Grain weevils, such as the granary weevil and rice weevil, infest stored whole grains. The adults eat the outside of the grain kernel and lay eggs in the inner part of the kernel. The white, wormlike larvae hatch four weeks later and feed on the inside of the kernel. An adult weevil measures about 1/8 inch long and has a long snout. Granary weevils are dark brown or black and wingless. Rice weevils, which have wings, have dark red or black bodies with four reddish or yellow spots on the wing covers.
Indian Meal Moth
If your stored flour, birdseed, candy or dried fruit contains fine webs or clumps, the Indian meal moth may be present. This moth has a 3/4 inch wingspan with grey and copper wings. The legless, greenish- or pinkish-white larvae measure up to 1/2 inch long. According to the North Dakota State University Extension, an infestation often originates in dry dog food. A few days after the female lays eggs in stored food, the larvae hatch and begin to feed on and spin webs in the food.
Sawtoothed beetles and confused flour beetles are also known as bran bugs. These beetles and their larvae feed on cereals, seeds, rice, dried fruits and other plant products. Adult beetles can chew through boxes and other food packaging. According to the University of Nebraska Cooperative Extension in Lancaster County, bran bugs are among the most common insects in the pantry. The adult sawtooth beetle, which measures 1/10 inch long and has a flat, elongated brown body, lays its eggs in food. Three to five days later, the whitish larvae hatch and develop inside the food. The confused flour beetle, which has similar habits, has a reddish-brown body with ridged wings.

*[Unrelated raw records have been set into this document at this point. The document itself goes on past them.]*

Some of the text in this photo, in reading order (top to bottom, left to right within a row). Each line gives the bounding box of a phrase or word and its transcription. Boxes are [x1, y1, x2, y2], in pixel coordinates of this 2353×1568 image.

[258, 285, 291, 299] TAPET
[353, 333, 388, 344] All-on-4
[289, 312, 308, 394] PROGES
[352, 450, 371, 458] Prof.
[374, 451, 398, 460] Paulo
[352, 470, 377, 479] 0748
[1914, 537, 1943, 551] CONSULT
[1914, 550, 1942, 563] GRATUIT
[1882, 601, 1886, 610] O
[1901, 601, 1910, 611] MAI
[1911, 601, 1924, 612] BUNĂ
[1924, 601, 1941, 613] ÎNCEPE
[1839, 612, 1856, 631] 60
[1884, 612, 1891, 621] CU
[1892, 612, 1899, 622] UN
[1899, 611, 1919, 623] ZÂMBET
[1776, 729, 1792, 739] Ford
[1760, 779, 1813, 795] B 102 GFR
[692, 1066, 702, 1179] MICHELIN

Store flour, rice and other foods in airtight glass, metal or plastic canisters. Cardboard boxes or plastic bags are not suitable, because some insects can penetrate these containers. Regularly clean shelves and crevices in cupboards. To salvage lightly infested foods, The University of Nebraska Extension recommends heating the food product in an oven for 60 minutes at 60 degrees Celsius. Before spraying with pesticides, remove contents from the shelves. Spray lightly with pesticides labelled for indoor use, and allow the spray to dry before placing food on the shelves.